▸ **WORK ORDER**
The entries below should be given again exactly, minus their pictures.

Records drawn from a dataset
• • • • •

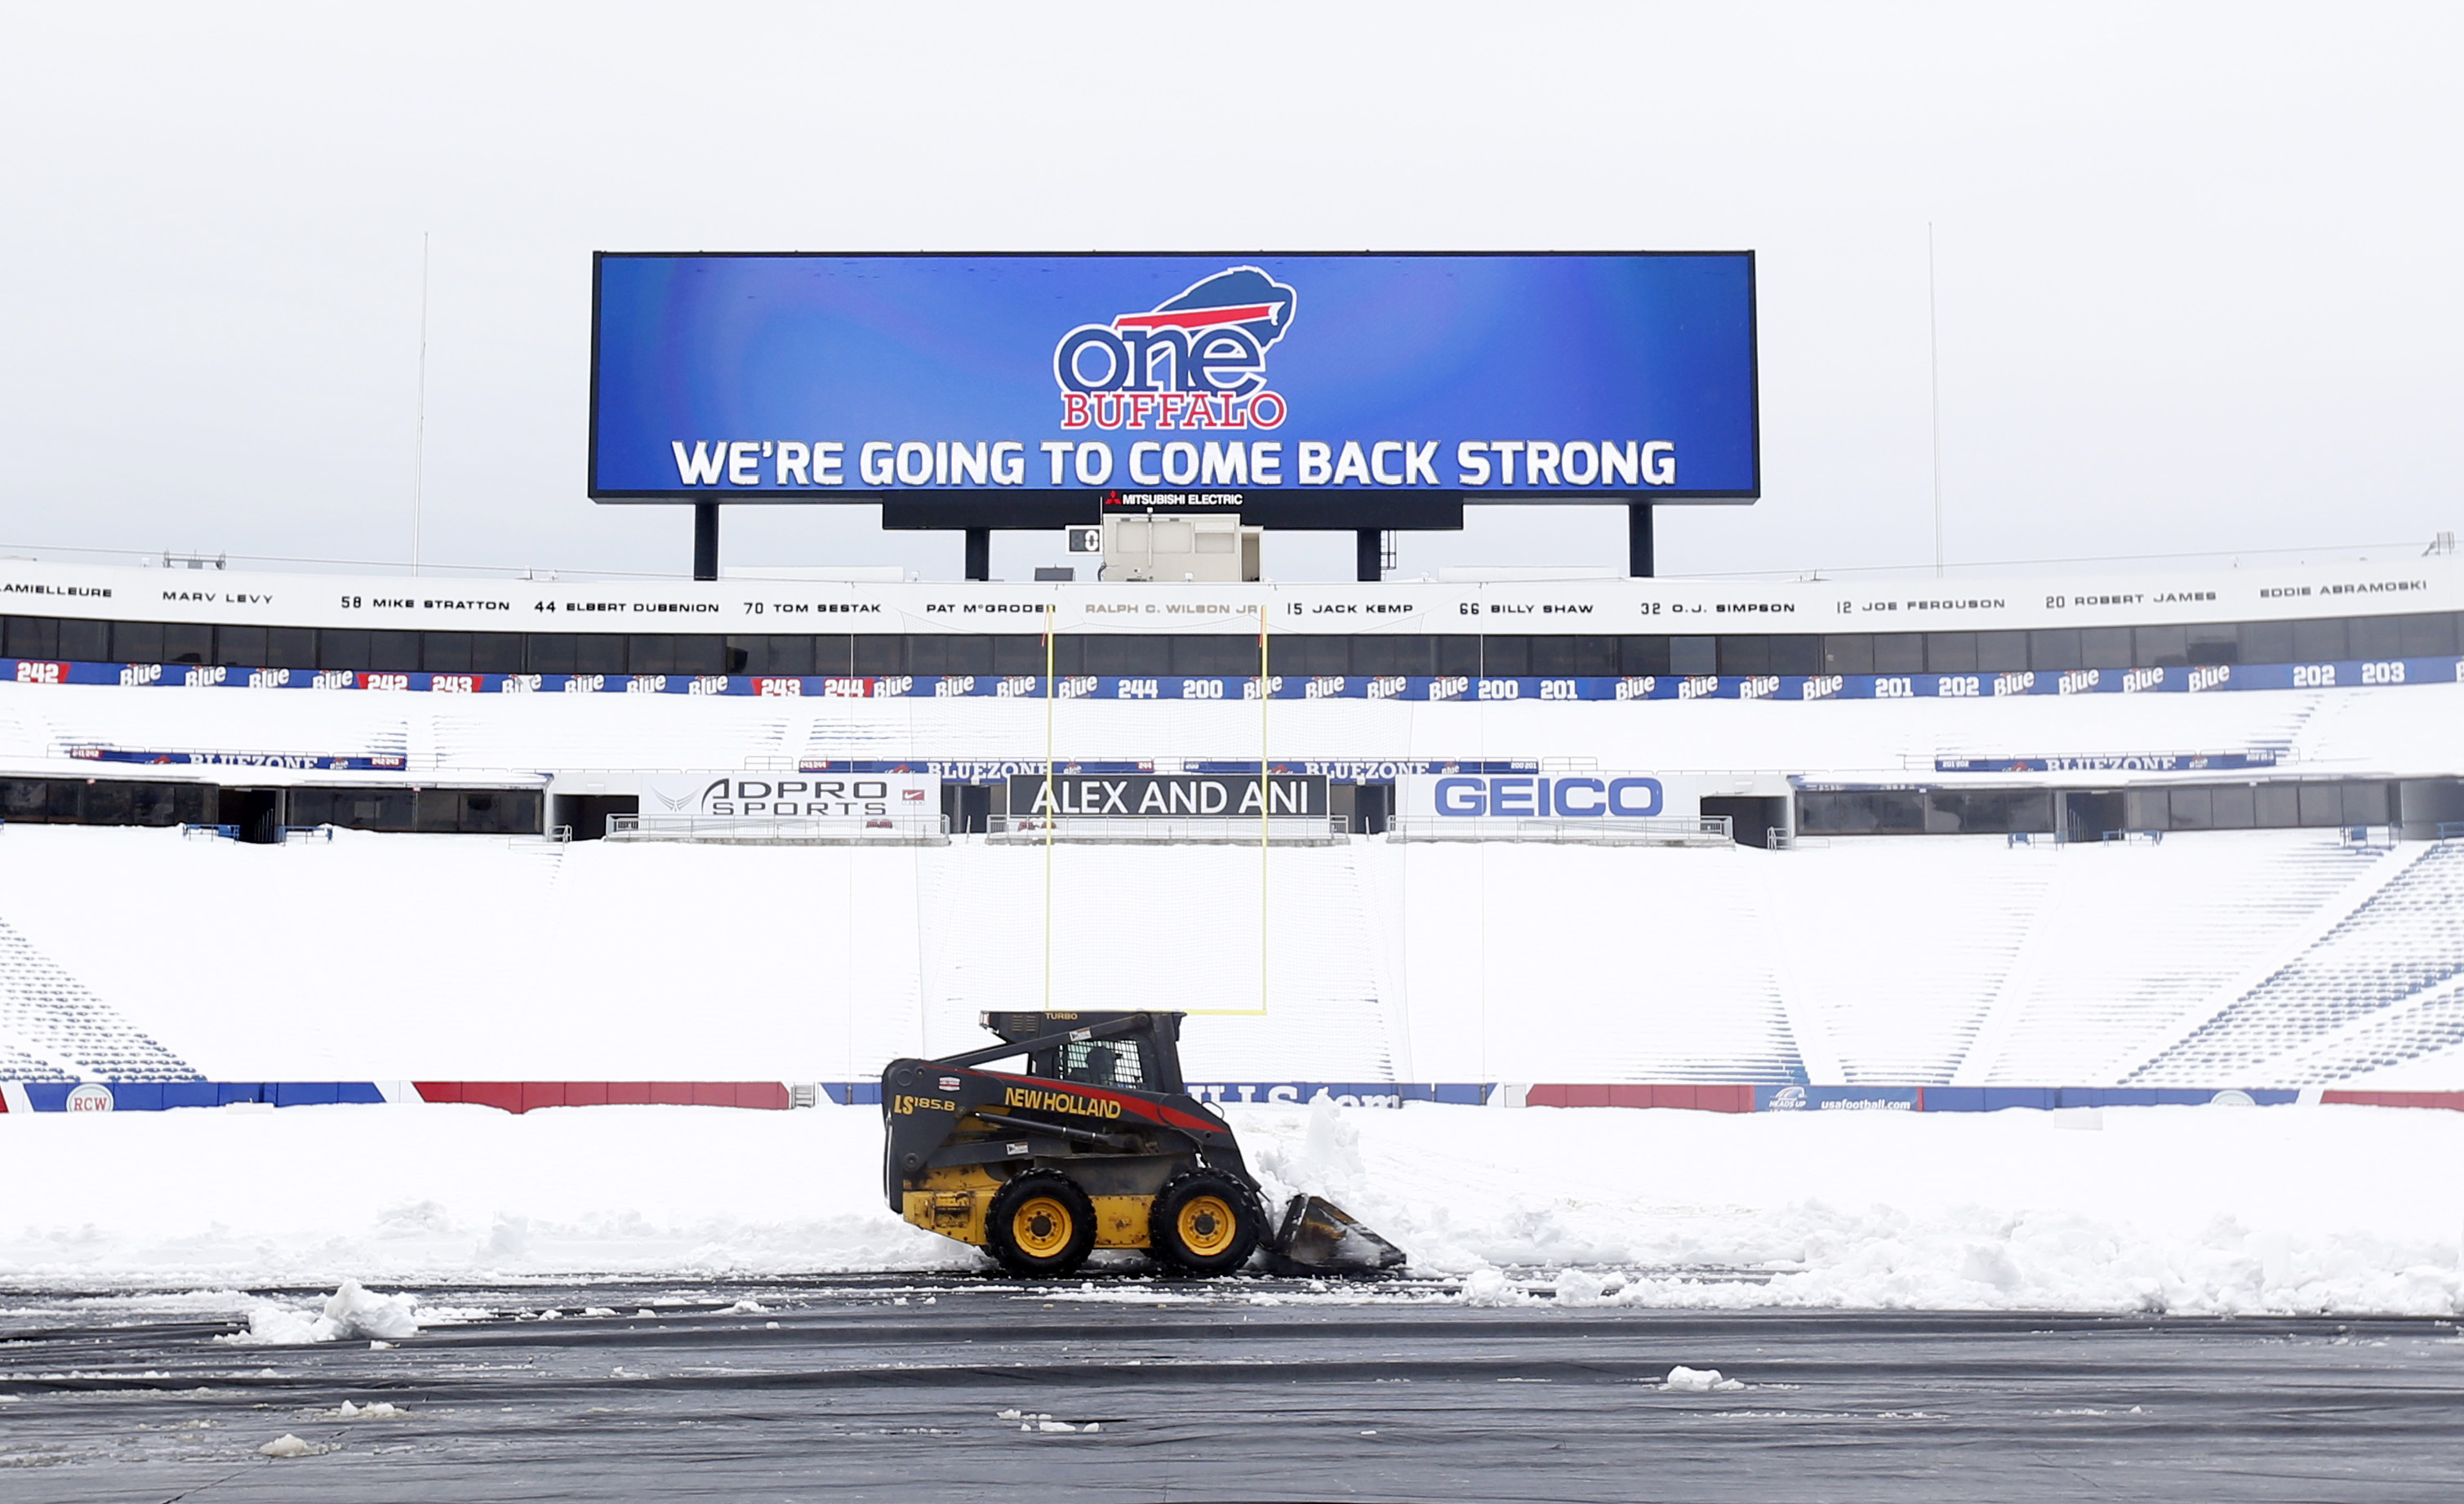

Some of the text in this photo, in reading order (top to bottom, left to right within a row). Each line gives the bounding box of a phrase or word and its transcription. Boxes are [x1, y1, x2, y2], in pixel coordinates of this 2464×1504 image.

[1055, 325, 1266, 399] one
[1061, 392, 1287, 429] BUFFALO
[671, 439, 1676, 486] WE'RE GOING TO COME BACK STRONG
[1123, 494, 1243, 505] MITSUBISHI ELECTRIC
[0, 583, 113, 598] AMIELLEURE
[162, 590, 273, 604] MARV LEVY
[2260, 579, 2427, 598] EDDIE ABRAMOSKI
[341, 596, 510, 611] 58 MIKE STRATTON
[534, 600, 719, 613] 44 ELBERT DUBENION
[743, 602, 882, 615] 70 TOM SESTAK
[926, 603, 956, 613] PAT
[1085, 603, 1139, 614] RALPH
[1145, 603, 1161, 614] C.
[1165, 603, 1230, 614] WILSON
[1287, 603, 1413, 615] 15 JACK KEMP
[1459, 603, 1594, 615] 66 BILLY SHAW
[1640, 603, 1661, 615] 32
[1715, 603, 1795, 613] SIMPSON
[1836, 598, 2006, 614] 12 JOE FERGUSON
[2046, 591, 2217, 609] 20 ROBERT JAMES
[17, 661, 60, 683] 242
[120, 663, 162, 687] Blue
[185, 665, 227, 687] Blue
[248, 668, 290, 689] Blue
[312, 670, 354, 690] Blue
[367, 674, 409, 691] 242
[2058, 668, 2100, 695] Blue
[2123, 665, 2164, 694] Blue
[2187, 664, 2231, 693] Blue
[2293, 665, 2336, 687] 202
[2361, 661, 2406, 684] 203
[432, 675, 474, 693] 243
[501, 674, 543, 693] Ble
[563, 674, 605, 693] Blue
[626, 674, 667, 694] Blue
[688, 674, 729, 696] Blue
[760, 678, 802, 697] 243
[825, 678, 865, 698] 244
[874, 675, 914, 698] Blue
[935, 675, 976, 698] Blue
[996, 675, 1037, 698] Blue
[1058, 675, 1099, 699] Blue
[1117, 679, 1159, 699] 244
[1182, 679, 1224, 699] 200
[1243, 675, 1283, 701] Blue
[1305, 675, 1345, 700] Blue
[1366, 675, 1408, 700] Blue
[1428, 675, 1470, 701] Blue
[1477, 679, 1519, 700] 200
[1540, 679, 1579, 700] 201
[1615, 675, 1657, 701] Blue
[1678, 675, 1719, 701] Blue
[1739, 675, 1781, 701] Blue
[1802, 674, 1844, 701] Blue
[1874, 677, 1915, 698] 201
[1937, 676, 1980, 697] 202
[1993, 670, 2035, 696] Blue
[1305, 761, 1430, 779] BLUEZONE
[701, 778, 887, 804] ADPRO
[1030, 781, 1308, 813] ALEX AND ANI
[1434, 776, 1663, 817] GEICO
[712, 802, 887, 816] SPORTS
[73, 1097, 108, 1110] RCW
[1004, 1087, 1122, 1119] NEW HOLLAND
[1821, 1098, 1911, 1110] usafootball.com

• • • • •

▸ **SOLUTION TO THE EXERCISE**
Some of the text in this photo, in reading order (top to bottom, left to right within a row). Each line gives the bounding box of a phrase or word and its transcription. Boxes are [x1, y1, x2, y2], in pixel coordinates of this 2464×1504 image.

[1055, 325, 1266, 399] one
[1061, 392, 1287, 429] BUFFALO
[671, 439, 1676, 486] WE'RE GOING TO COME BACK STRONG
[1123, 494, 1243, 505] MITSUBISHI ELECTRIC
[0, 583, 113, 598] AMIELLEURE
[162, 590, 273, 604] MARV LEVY
[2260, 579, 2427, 598] EDDIE ABRAMOSKI
[341, 596, 510, 611] 58 MIKE STRATTON
[534, 600, 719, 613] 44 ELBERT DUBENION
[743, 602, 882, 615] 70 TOM SESTAK
[926, 603, 956, 613] PAT
[1085, 603, 1139, 614] RALPH
[1145, 603, 1161, 614] C.
[1165, 603, 1230, 614] WILSON
[1287, 603, 1413, 615] 15 JACK KEMP
[1459, 603, 1594, 615] 66 BILLY SHAW
[1640, 603, 1661, 615] 32
[1715, 603, 1795, 613] SIMPSON
[1836, 598, 2006, 614] 12 JOE FERGUSON
[2046, 591, 2217, 609] 20 ROBERT JAMES
[17, 661, 60, 683] 242
[120, 663, 162, 687] Blue
[185, 665, 227, 687] Blue
[248, 668, 290, 689] Blue
[312, 670, 354, 690] Blue
[367, 674, 409, 691] 242
[2058, 668, 2100, 695] Blue
[2123, 665, 2164, 694] Blue
[2187, 664, 2231, 693] Blue
[2293, 665, 2336, 687] 202
[2361, 661, 2406, 684] 203
[432, 675, 474, 693] 243
[501, 674, 543, 693] Ble
[563, 674, 605, 693] Blue
[626, 674, 667, 694] Blue
[688, 674, 729, 696] Blue
[760, 678, 802, 697] 243
[825, 678, 865, 698] 244
[874, 675, 914, 698] Blue
[935, 675, 976, 698] Blue
[996, 675, 1037, 698] Blue
[1058, 675, 1099, 699] Blue
[1117, 679, 1159, 699] 244
[1182, 679, 1224, 699] 200
[1243, 675, 1283, 701] Blue
[1305, 675, 1345, 700] Blue
[1366, 675, 1408, 700] Blue
[1428, 675, 1470, 701] Blue
[1477, 679, 1519, 700] 200
[1540, 679, 1579, 700] 201
[1615, 675, 1657, 701] Blue
[1678, 675, 1719, 701] Blue
[1739, 675, 1781, 701] Blue
[1802, 674, 1844, 701] Blue
[1874, 677, 1915, 698] 201
[1937, 676, 1980, 697] 202
[1993, 670, 2035, 696] Blue
[1305, 761, 1430, 779] BLUEZONE
[701, 778, 887, 804] ADPRO
[1030, 781, 1308, 813] ALEX AND ANI
[1434, 776, 1663, 817] GEICO
[712, 802, 887, 816] SPORTS
[73, 1097, 108, 1110] RCW
[1004, 1087, 1122, 1119] NEW HOLLAND
[1821, 1098, 1911, 1110] usafootball.com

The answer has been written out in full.